• [Instructions for the task] Please write out every entry below exactly, leaving out any pictures.

[Opening Given entries section]

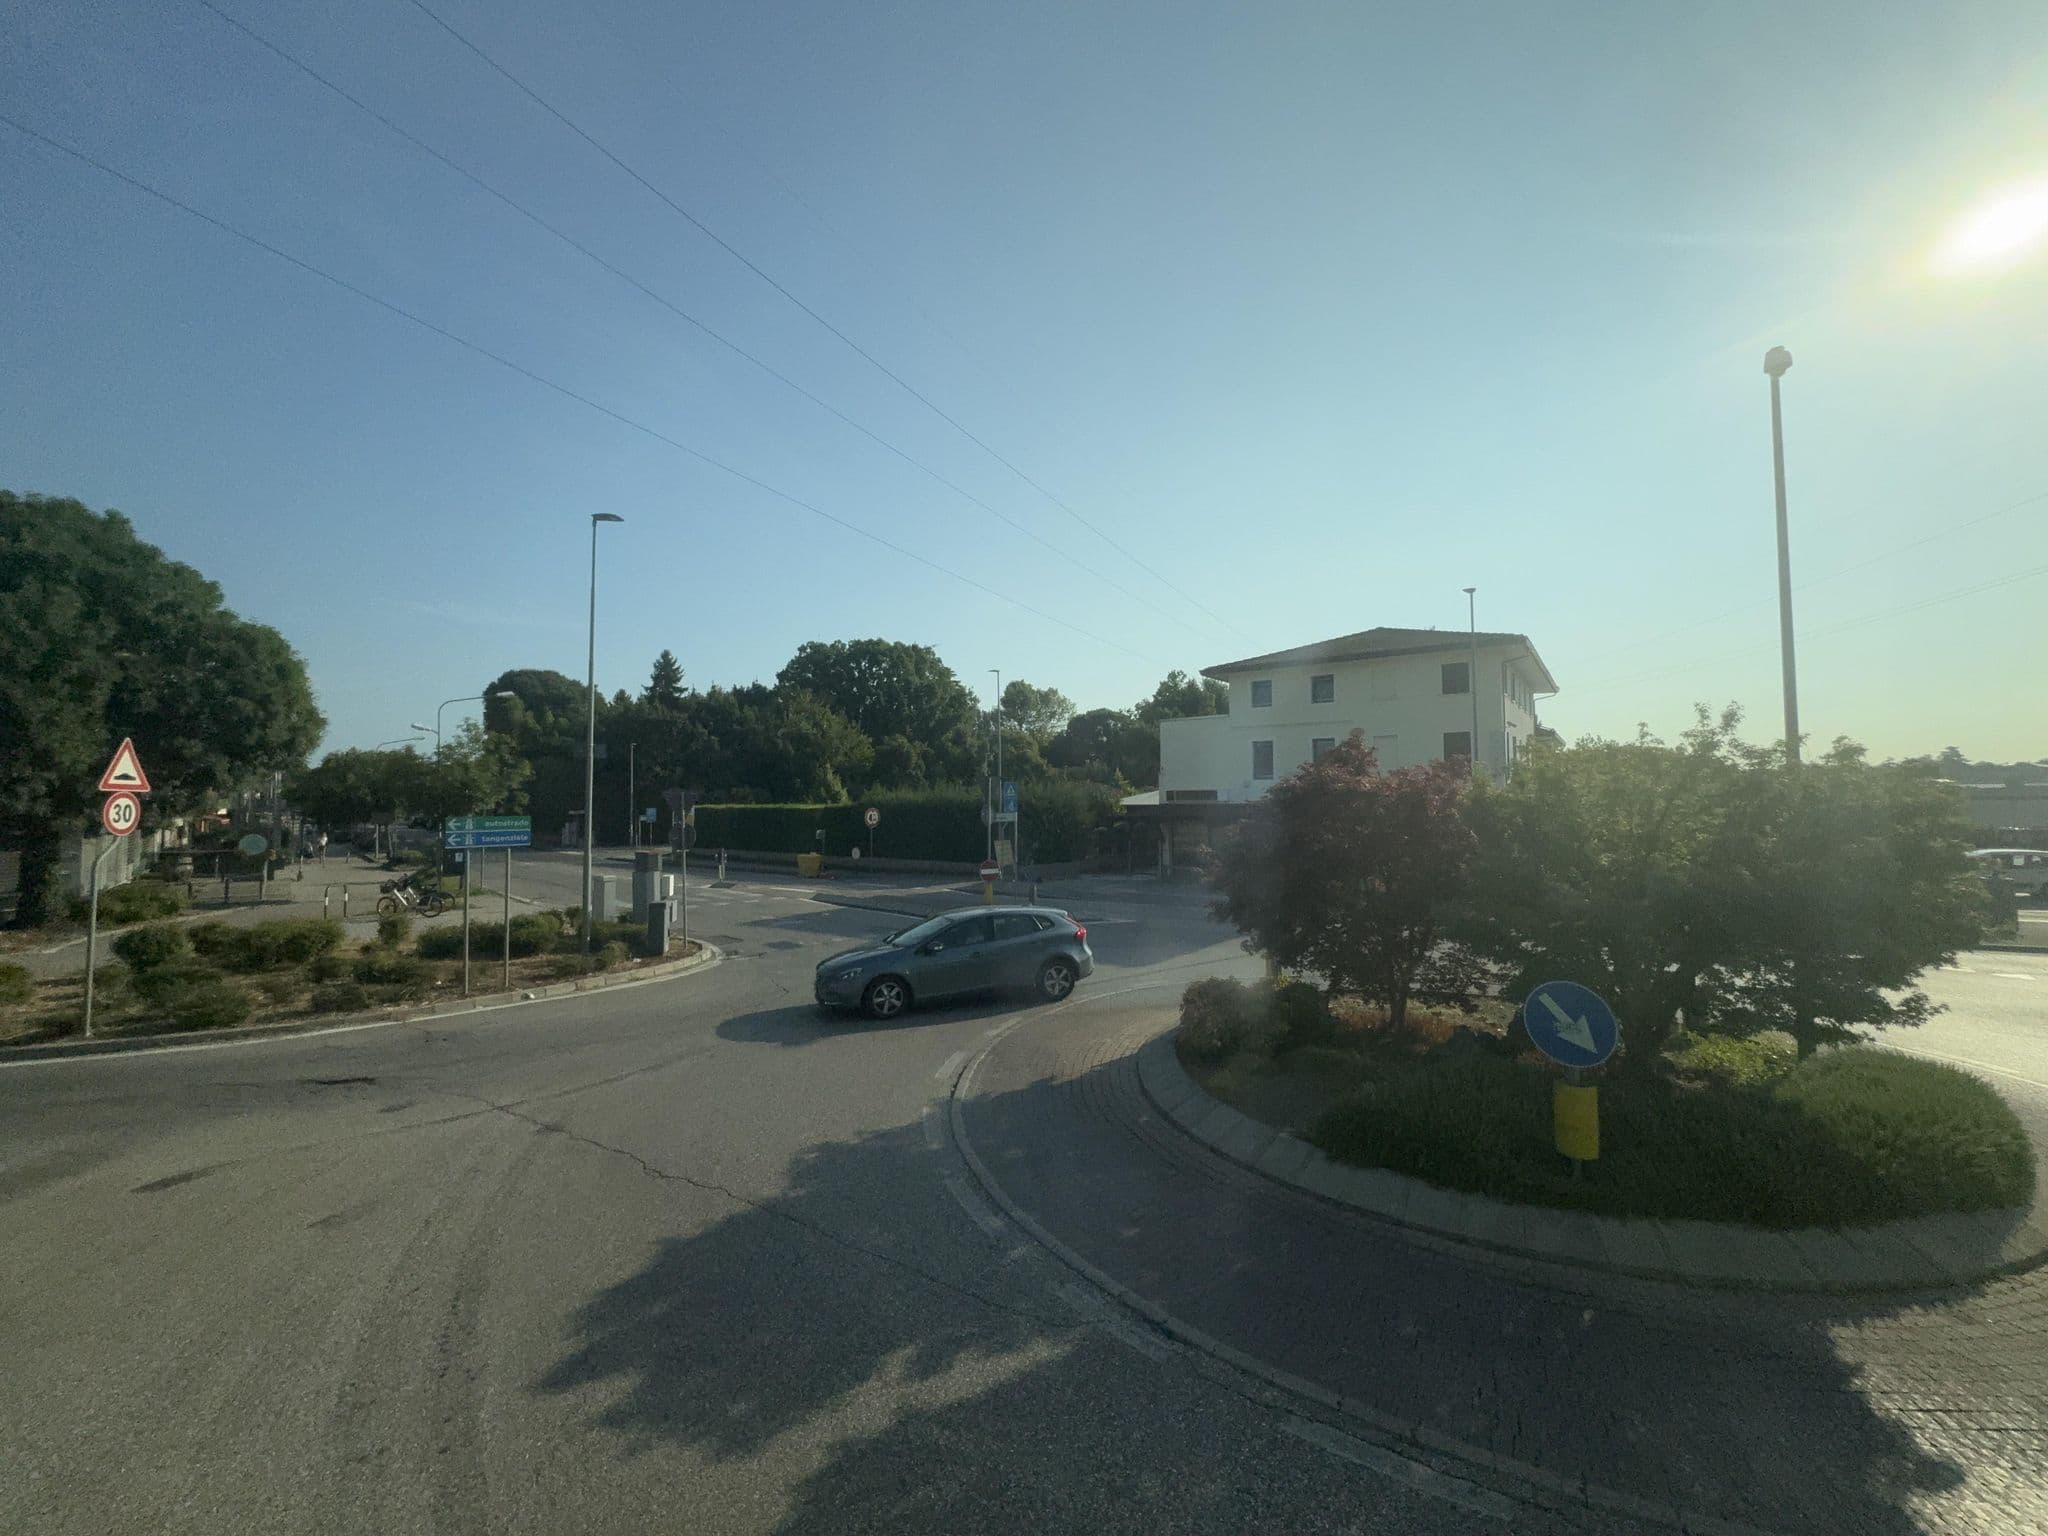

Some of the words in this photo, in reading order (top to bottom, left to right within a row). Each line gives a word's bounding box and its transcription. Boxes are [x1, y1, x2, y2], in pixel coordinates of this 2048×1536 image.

[112, 803, 132, 823] 30
[485, 819, 529, 827] autostrada
[481, 834, 529, 842] tangenziale
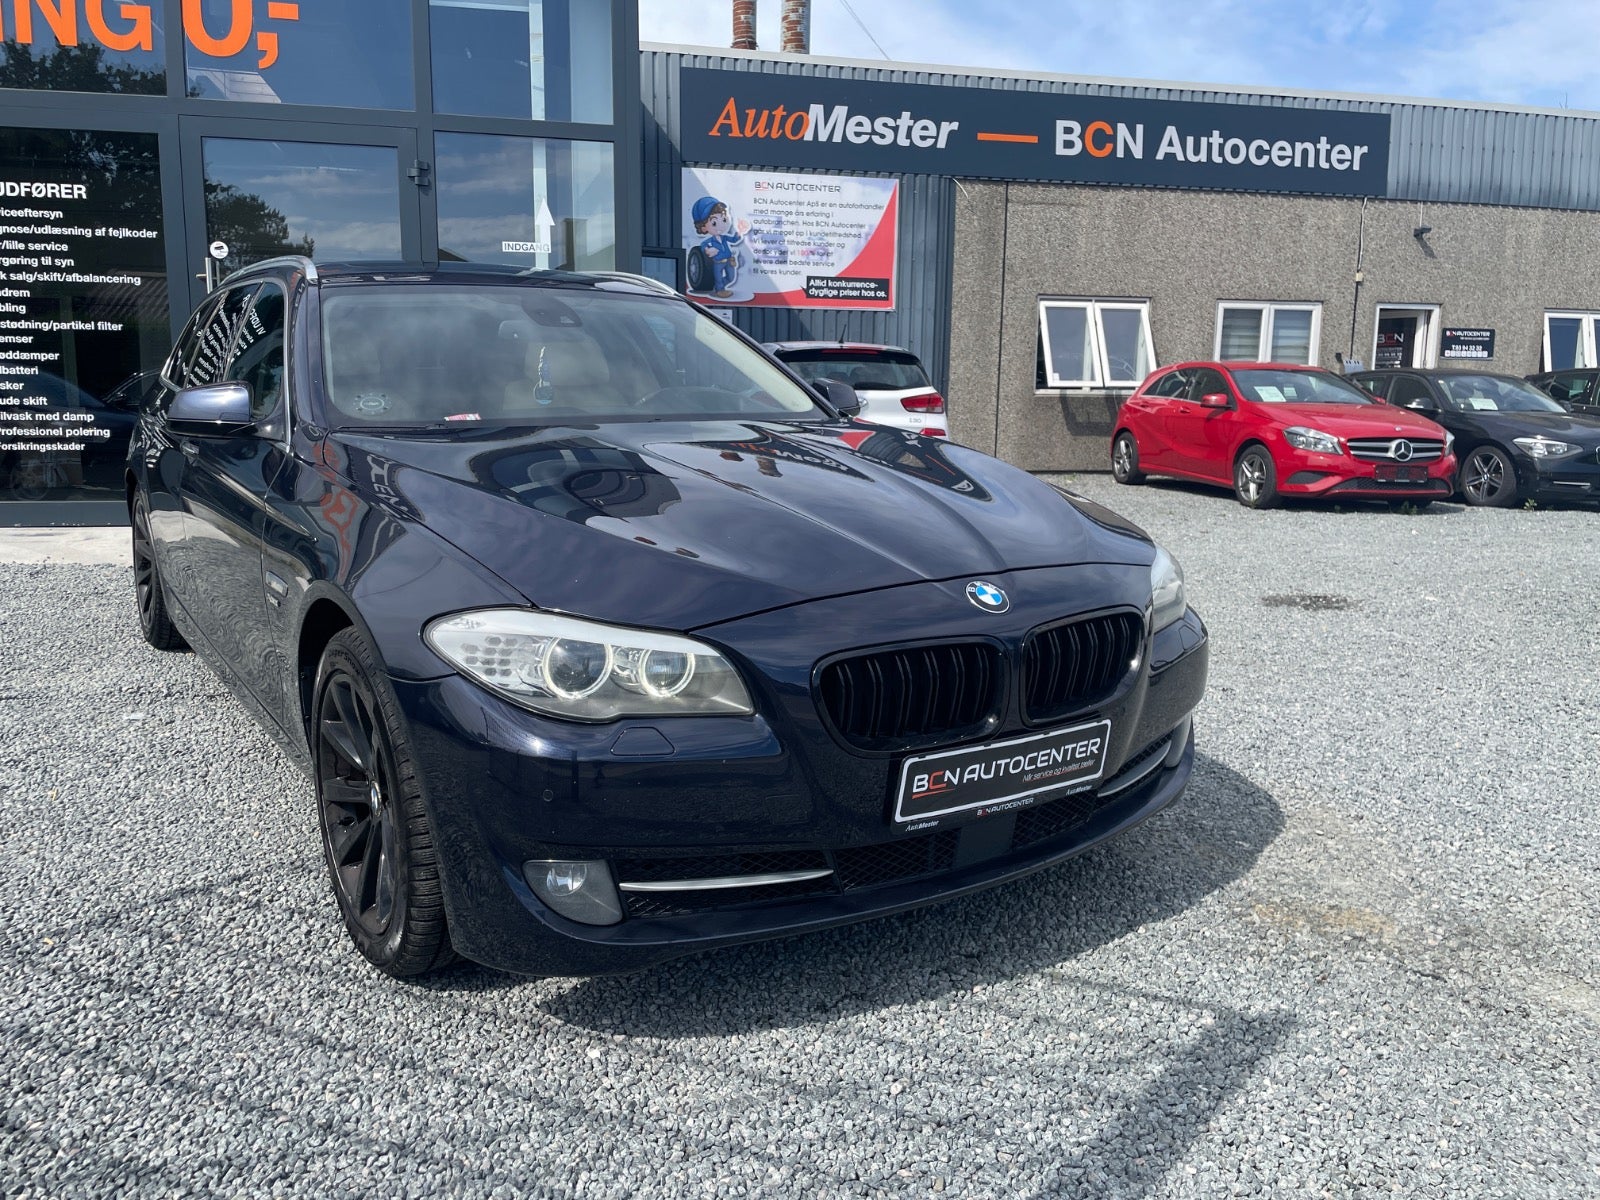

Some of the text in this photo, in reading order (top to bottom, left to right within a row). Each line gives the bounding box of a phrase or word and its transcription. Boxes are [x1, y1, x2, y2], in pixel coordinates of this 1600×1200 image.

[709, 97, 1368, 171] AutoMester BCN Autocenter
[754, 181, 841, 192] BCN AUTOCENTER
[753, 197, 768, 205] BCN
[769, 198, 805, 207] Autocenter
[806, 200, 819, 208] ApS
[770, 209, 793, 217] mange
[805, 209, 830, 218] erfaring
[94, 227, 106, 237] af
[108, 227, 158, 239] fejlkoder
[28, 241, 69, 252] service
[504, 243, 550, 252] INDGANG
[40, 256, 52, 266] til
[54, 258, 75, 268] syn
[9, 272, 141, 285] salg/skift/afbalancering
[828, 280, 878, 289] konkurrence-
[839, 288, 860, 297] priser
[861, 289, 875, 297] hos
[97, 320, 123, 331] filter
[23, 396, 48, 406] skift
[35, 412, 60, 421] med
[62, 412, 95, 423] damp
[65, 427, 111, 438] polering
[912, 737, 1101, 793] BCN AUTOCENTER
[1033, 769, 1054, 780] service
[991, 797, 1034, 812] AUTOCENTER
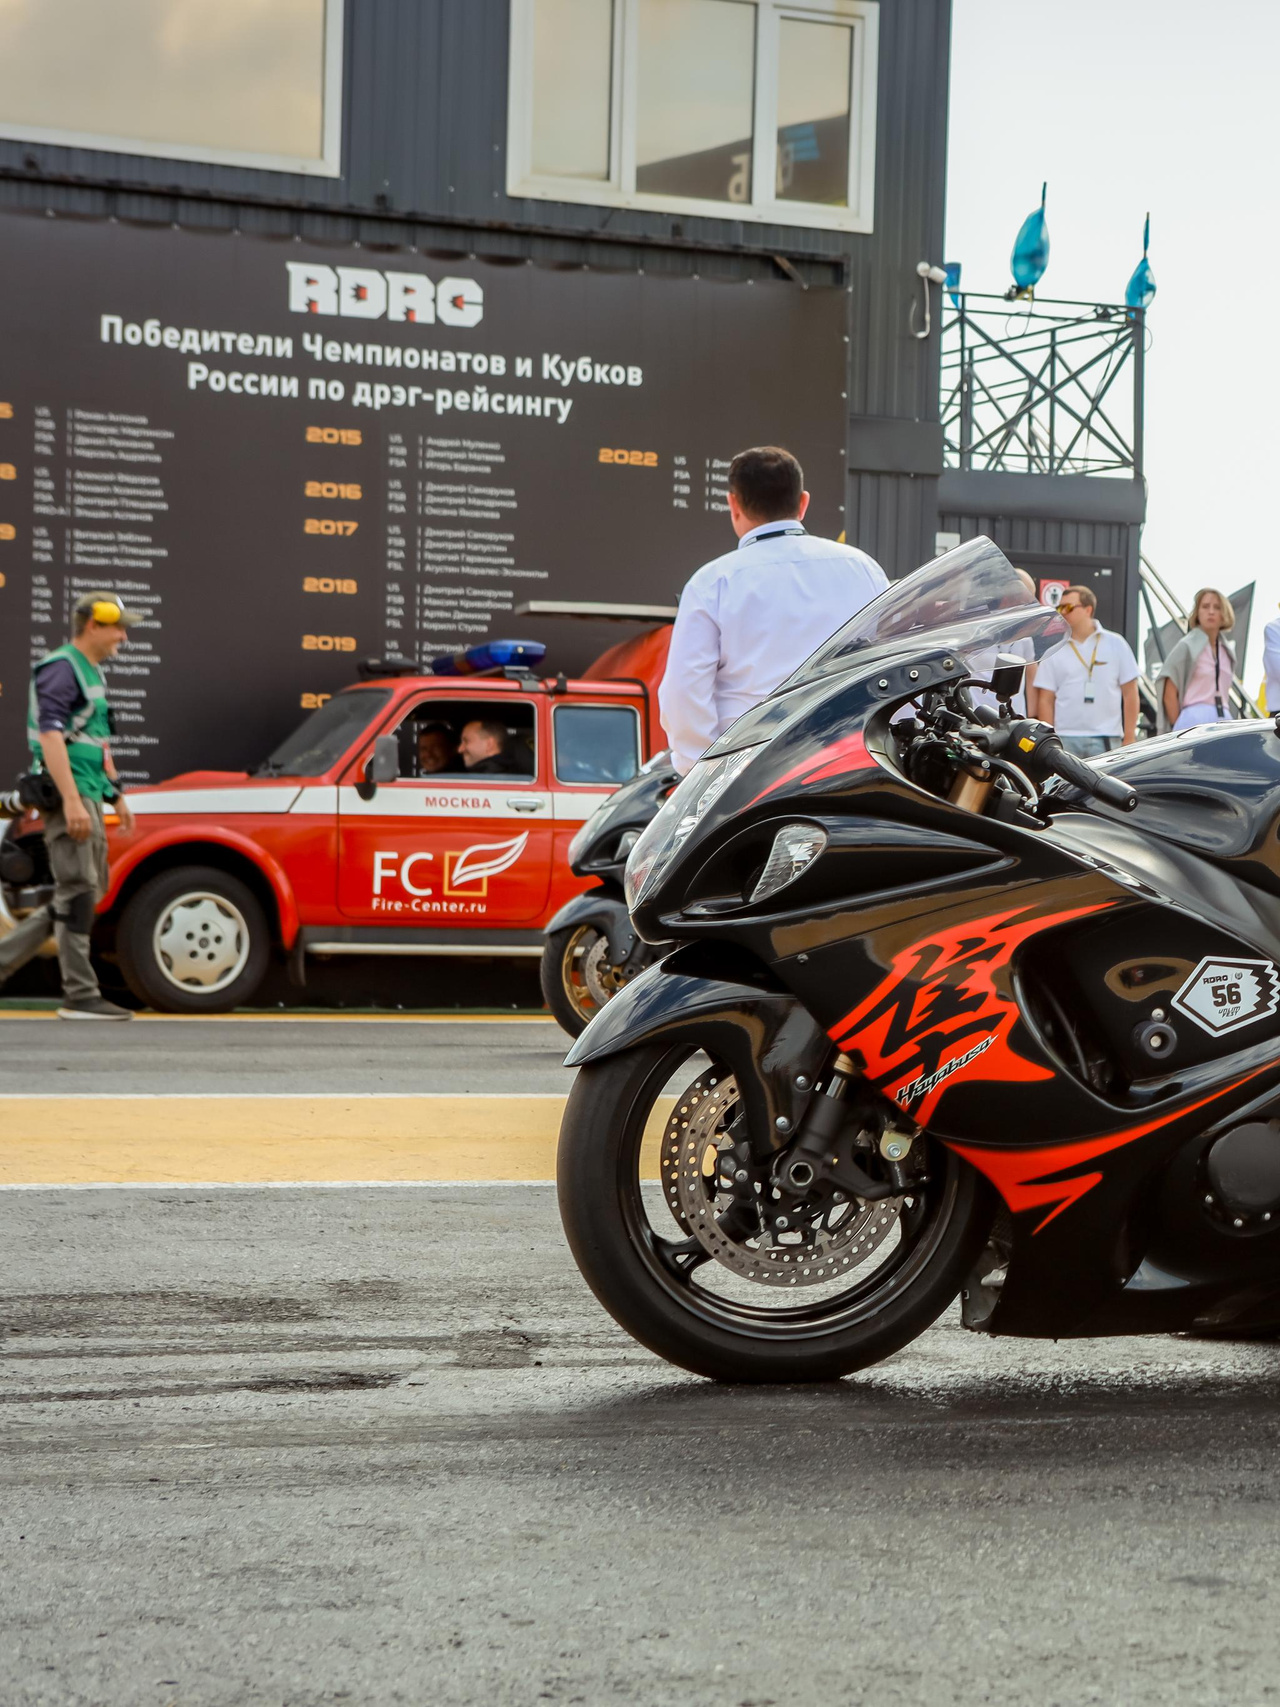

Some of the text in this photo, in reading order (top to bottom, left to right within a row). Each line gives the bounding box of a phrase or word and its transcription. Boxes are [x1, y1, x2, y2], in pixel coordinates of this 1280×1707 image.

[Closing Given entries section]

• [Result below]
Some of the words in this photo, in reading order (top to bottom, left to right within a row). Each line gives a word's bounding box and its transcription. Boxes are [x1, y1, x2, y2], in pixel coordinates of this 2048×1536 image.

[112, 803, 132, 823] 30
[485, 819, 529, 827] autostrada
[481, 834, 529, 842] tangenziale

Some of the text in this photo, in reading order (top to bottom, left to right within a row). Each line gives the bounding box of a phrase or word and its transcription. Boxes are [x1, y1, x2, y2], in pixel coordinates of this 1600×1200 image.

[709, 97, 1368, 171] AutoMester BCN Autocenter
[754, 181, 841, 192] BCN AUTOCENTER
[753, 197, 768, 205] BCN
[769, 198, 805, 207] Autocenter
[806, 200, 819, 208] ApS
[770, 209, 793, 217] mange
[805, 209, 830, 218] erfaring
[94, 227, 106, 237] af
[108, 227, 158, 239] fejlkoder
[28, 241, 69, 252] service
[504, 243, 550, 252] INDGANG
[40, 256, 52, 266] til
[54, 258, 75, 268] syn
[9, 272, 141, 285] salg/skift/afbalancering
[828, 280, 878, 289] konkurrence-
[839, 288, 860, 297] priser
[861, 289, 875, 297] hos
[97, 320, 123, 331] filter
[23, 396, 48, 406] skift
[35, 412, 60, 421] med
[62, 412, 95, 423] damp
[65, 427, 111, 438] polering
[912, 737, 1101, 793] BCN AUTOCENTER
[1033, 769, 1054, 780] service
[991, 797, 1034, 812] AUTOCENTER

Some of the text in this photo, in reading order (top to bottom, left to right within a row). Each line gives the bounding box of a phrase or word and its transcription. Boxes are [x1, y1, x2, y2], in pixel coordinates of this 1280×1707 image.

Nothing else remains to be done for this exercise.